RECORDS PROVIDED
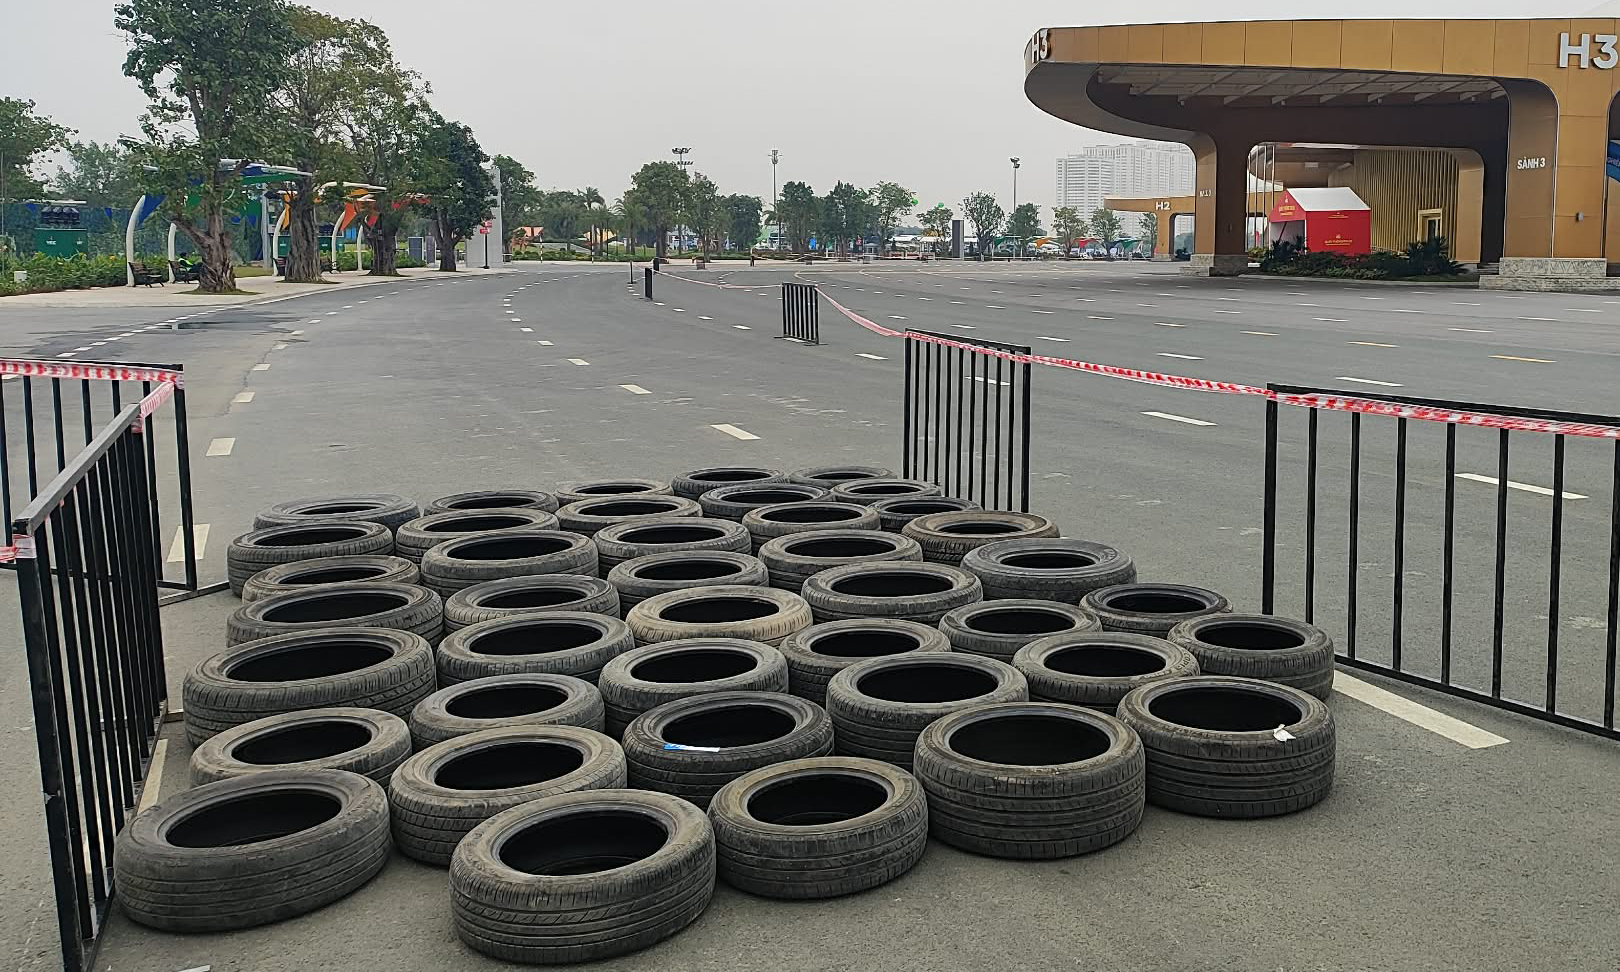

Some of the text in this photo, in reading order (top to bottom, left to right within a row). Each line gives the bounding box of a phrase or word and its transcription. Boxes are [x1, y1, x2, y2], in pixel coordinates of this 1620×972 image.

[1031, 29, 1049, 64] H3
[1559, 32, 1619, 69] H3
[1540, 157, 1546, 168] 3
[1155, 201, 1171, 211] H2
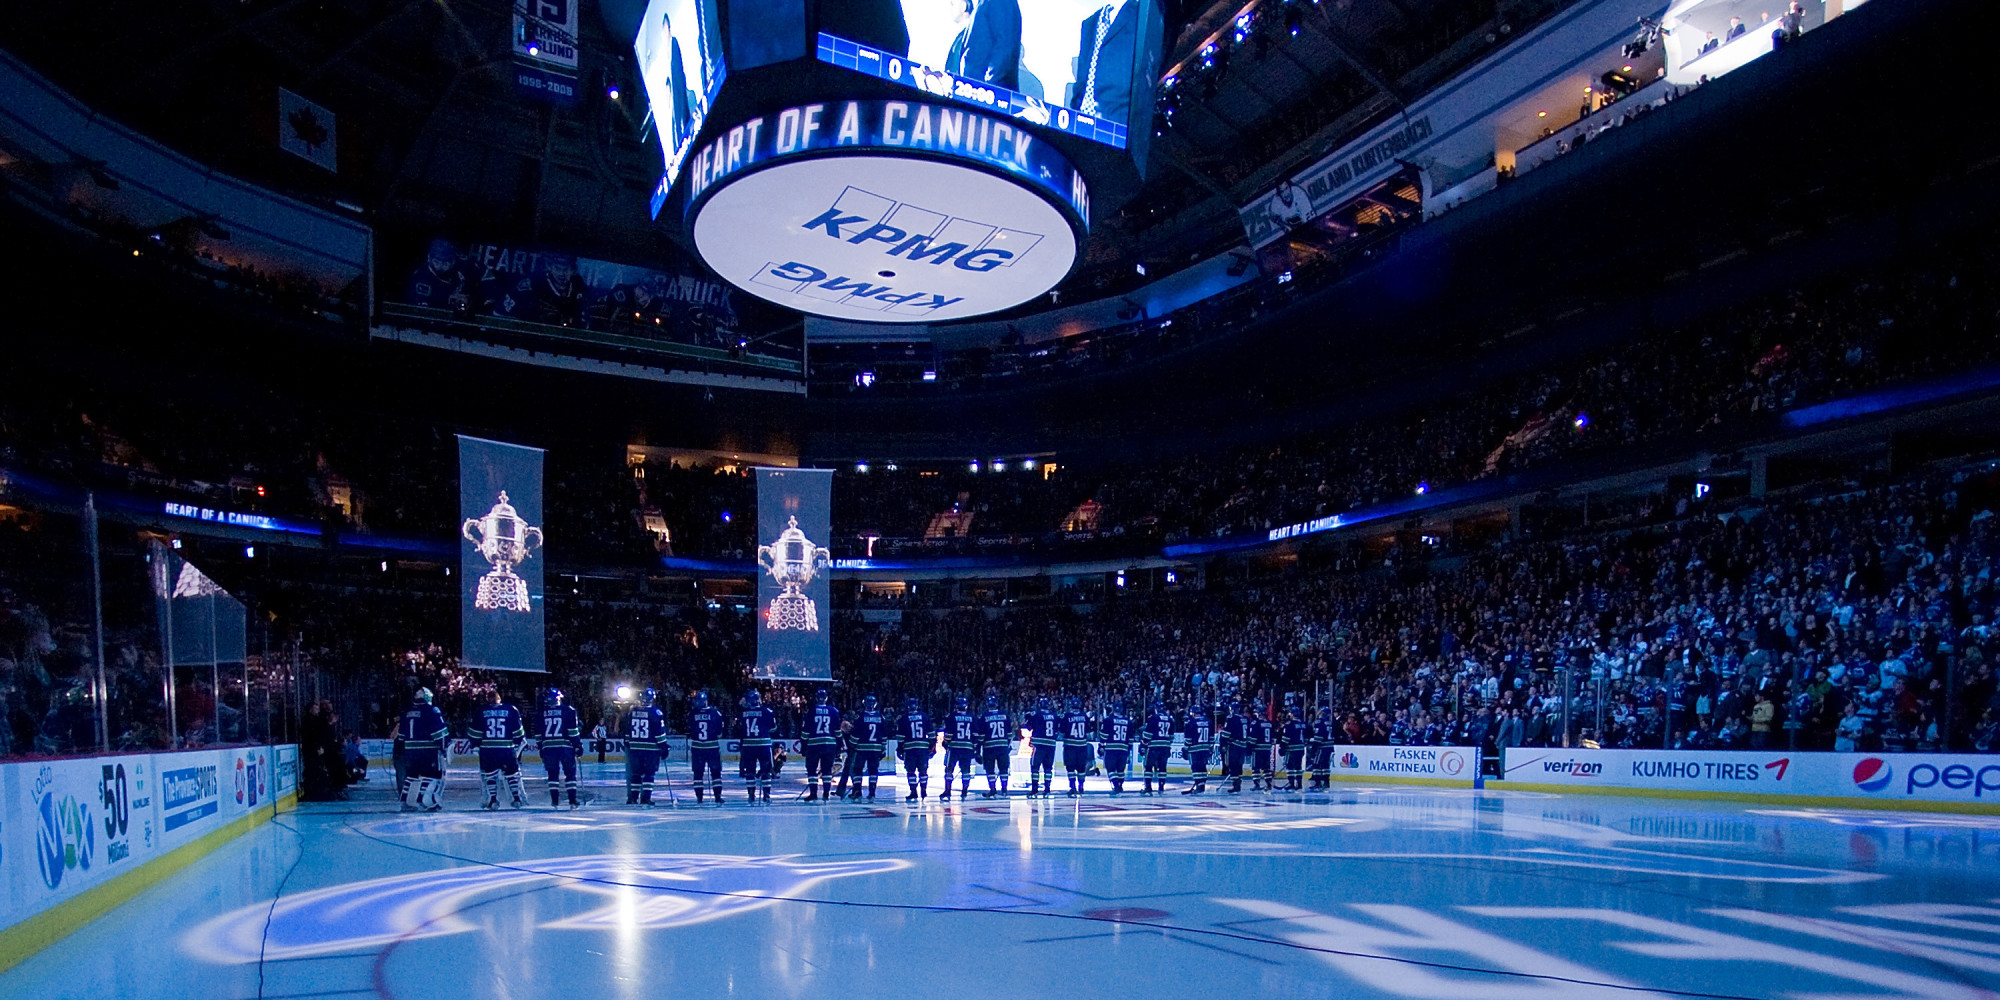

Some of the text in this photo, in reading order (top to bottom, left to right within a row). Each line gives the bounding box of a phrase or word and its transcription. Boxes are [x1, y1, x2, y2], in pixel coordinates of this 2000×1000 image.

[888, 58, 902, 80] 0
[1057, 109, 1069, 130] 0
[691, 101, 1033, 200] HEART OF A CANUCK
[803, 207, 1015, 273] KPMG
[468, 244, 541, 274] HEART
[769, 260, 964, 310] KPMG
[165, 502, 270, 529] HEART OF A CANUCK
[1269, 515, 1339, 540] HEART OF A CANUCK
[836, 559, 868, 569] CANUCK
[409, 718, 414, 739] 1
[486, 718, 506, 738] 35
[544, 717, 563, 737] 22
[631, 719, 650, 738] 33
[698, 721, 708, 740] 3
[745, 717, 760, 737] 14
[814, 715, 831, 734] 23
[868, 723, 877, 741] 2
[910, 721, 924, 739] 15
[957, 722, 971, 740] 54
[989, 721, 1005, 739] 26
[1045, 721, 1054, 737] 8
[1070, 722, 1085, 738] 40
[1113, 725, 1127, 741] 36
[1197, 727, 1209, 743] 20
[1264, 728, 1271, 743] 9
[1393, 748, 1436, 760] FASKEN
[1369, 760, 1436, 773] MARTINEAU
[1544, 758, 1602, 776] verizon
[1632, 761, 1759, 780] KUMHO TIRES

DIRECTIONS
Reproduce all of the data exactly; the pictures do not belong in the copy.

ANSWER
Some of the text in this photo, in reading order (top to bottom, left to right within a row). Each line gives the bounding box of a phrase or word and its transcription. Boxes are [x1, y1, x2, y2], in pixel coordinates of this 1620×972 image.

[1031, 29, 1049, 64] H3
[1559, 32, 1619, 69] H3
[1540, 157, 1546, 168] 3
[1155, 201, 1171, 211] H2

Some of the text in this photo, in reading order (top to bottom, left to right within a row). Each line gives the bounding box of a phrase or word and its transcription. Boxes are [x1, y1, x2, y2], in pixel coordinates of this 2000×1000 image.

[888, 58, 902, 80] 0
[1057, 109, 1069, 130] 0
[691, 101, 1033, 200] HEART OF A CANUCK
[803, 207, 1015, 273] KPMG
[468, 244, 541, 274] HEART
[769, 260, 964, 310] KPMG
[165, 502, 270, 529] HEART OF A CANUCK
[1269, 515, 1339, 540] HEART OF A CANUCK
[836, 559, 868, 569] CANUCK
[409, 718, 414, 739] 1
[486, 718, 506, 738] 35
[544, 717, 563, 737] 22
[631, 719, 650, 738] 33
[698, 721, 708, 740] 3
[745, 717, 760, 737] 14
[814, 715, 831, 734] 23
[868, 723, 877, 741] 2
[910, 721, 924, 739] 15
[957, 722, 971, 740] 54
[989, 721, 1005, 739] 26
[1045, 721, 1054, 737] 8
[1070, 722, 1085, 738] 40
[1113, 725, 1127, 741] 36
[1197, 727, 1209, 743] 20
[1264, 728, 1271, 743] 9
[1393, 748, 1436, 760] FASKEN
[1369, 760, 1436, 773] MARTINEAU
[1544, 758, 1602, 776] verizon
[1632, 761, 1759, 780] KUMHO TIRES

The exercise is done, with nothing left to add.